[Items from a dataset]
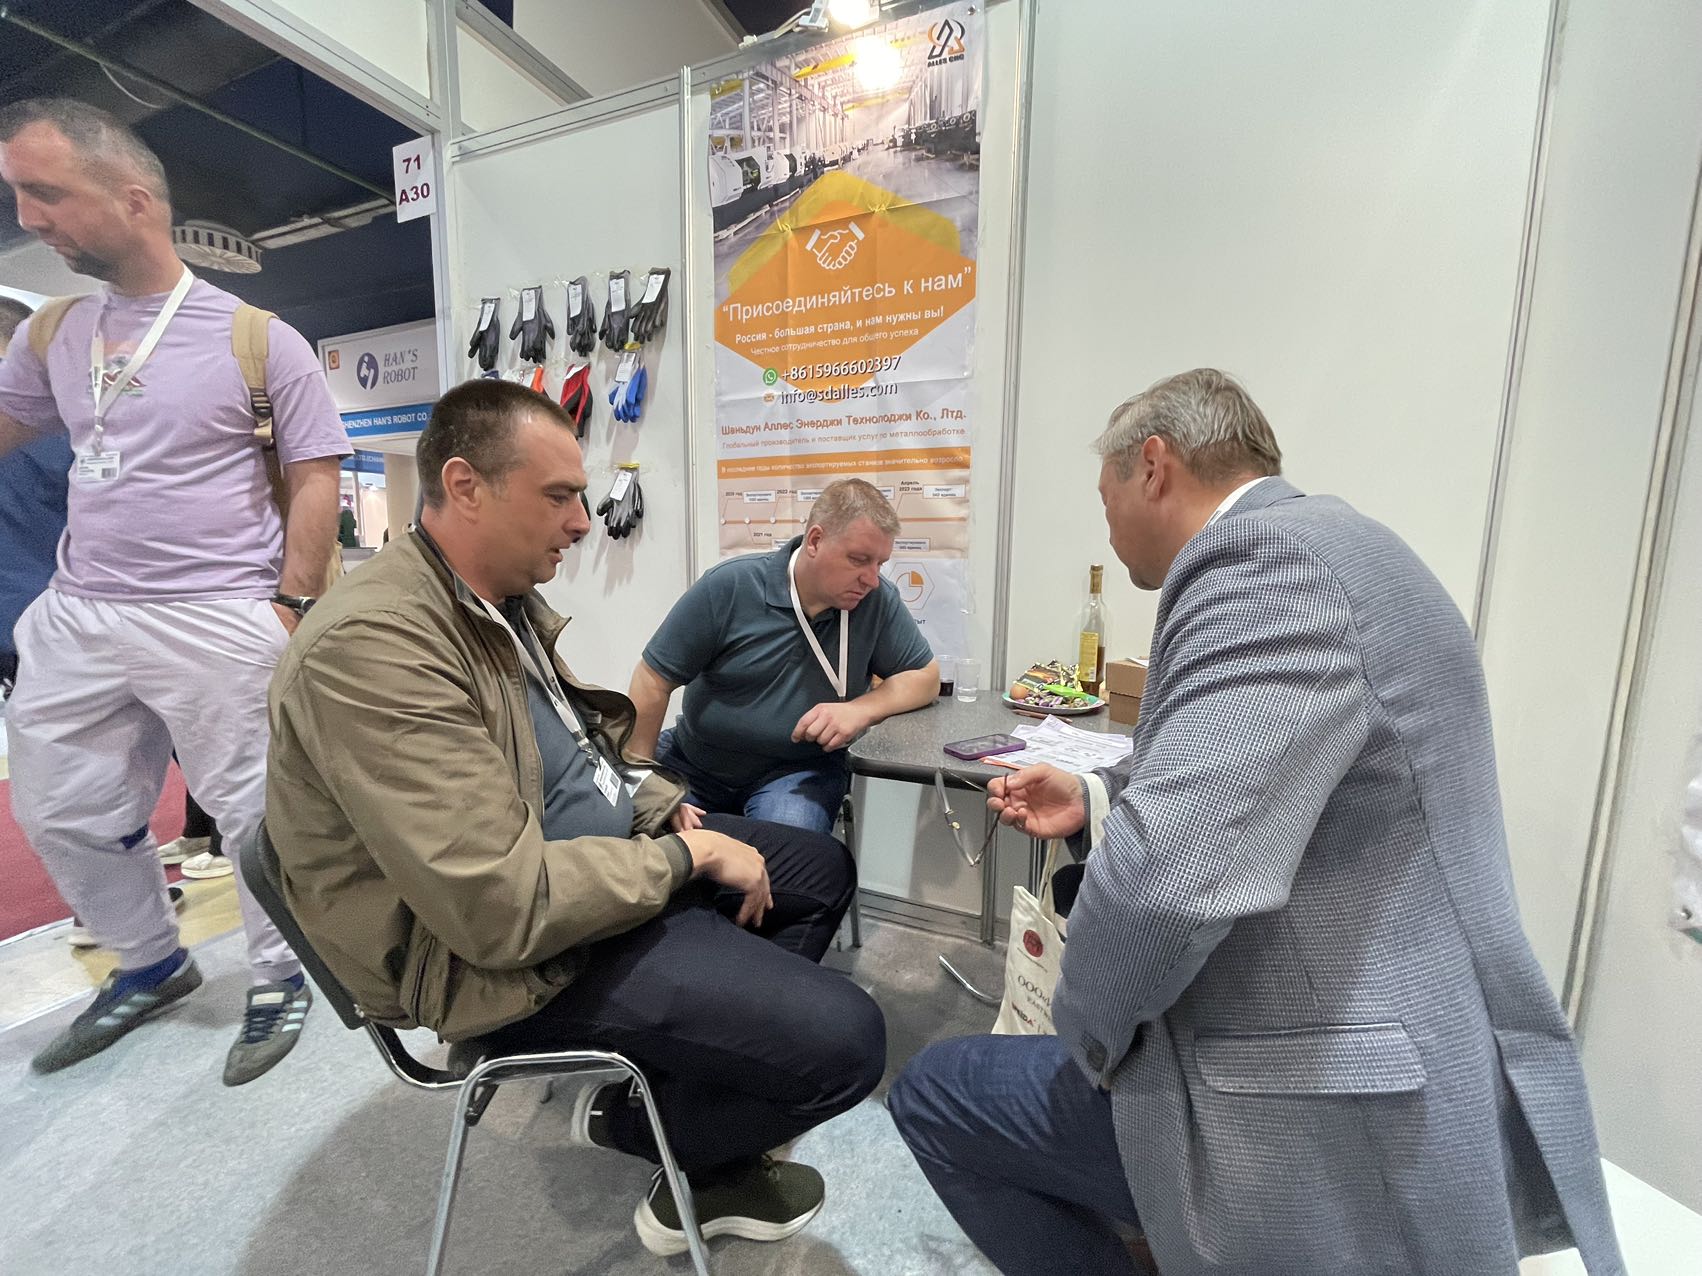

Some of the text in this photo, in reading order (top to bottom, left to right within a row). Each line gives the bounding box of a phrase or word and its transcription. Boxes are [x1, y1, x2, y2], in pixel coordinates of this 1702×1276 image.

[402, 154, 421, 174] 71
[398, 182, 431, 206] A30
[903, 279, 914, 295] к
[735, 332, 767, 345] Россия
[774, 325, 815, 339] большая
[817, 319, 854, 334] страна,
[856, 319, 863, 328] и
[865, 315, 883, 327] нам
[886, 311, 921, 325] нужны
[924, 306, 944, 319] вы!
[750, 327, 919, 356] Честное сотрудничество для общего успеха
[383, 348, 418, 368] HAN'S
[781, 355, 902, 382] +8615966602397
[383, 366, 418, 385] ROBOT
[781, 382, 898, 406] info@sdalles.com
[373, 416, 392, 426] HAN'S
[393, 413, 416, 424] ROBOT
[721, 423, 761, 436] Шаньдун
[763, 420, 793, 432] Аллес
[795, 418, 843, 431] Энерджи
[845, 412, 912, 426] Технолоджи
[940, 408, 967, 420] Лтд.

> EXERCISE DESCRIPTION
Give the entries above again, exactly as written and free of images.

> ANSWER TO THE PROBLEM
Some of the text in this photo, in reading order (top to bottom, left to right within a row). Each line gives the bounding box of a phrase or word and its transcription. Boxes are [x1, y1, x2, y2], in pixel coordinates of this 1702×1276 image.

[402, 154, 421, 174] 71
[398, 182, 431, 206] A30
[903, 279, 914, 295] к
[735, 332, 767, 345] Россия
[774, 325, 815, 339] большая
[817, 319, 854, 334] страна,
[856, 319, 863, 328] и
[865, 315, 883, 327] нам
[886, 311, 921, 325] нужны
[924, 306, 944, 319] вы!
[750, 327, 919, 356] Честное сотрудничество для общего успеха
[383, 348, 418, 368] HAN'S
[781, 355, 902, 382] +8615966602397
[383, 366, 418, 385] ROBOT
[781, 382, 898, 406] info@sdalles.com
[373, 416, 392, 426] HAN'S
[393, 413, 416, 424] ROBOT
[721, 423, 761, 436] Шаньдун
[763, 420, 793, 432] Аллес
[795, 418, 843, 431] Энерджи
[845, 412, 912, 426] Технолоджи
[940, 408, 967, 420] Лтд.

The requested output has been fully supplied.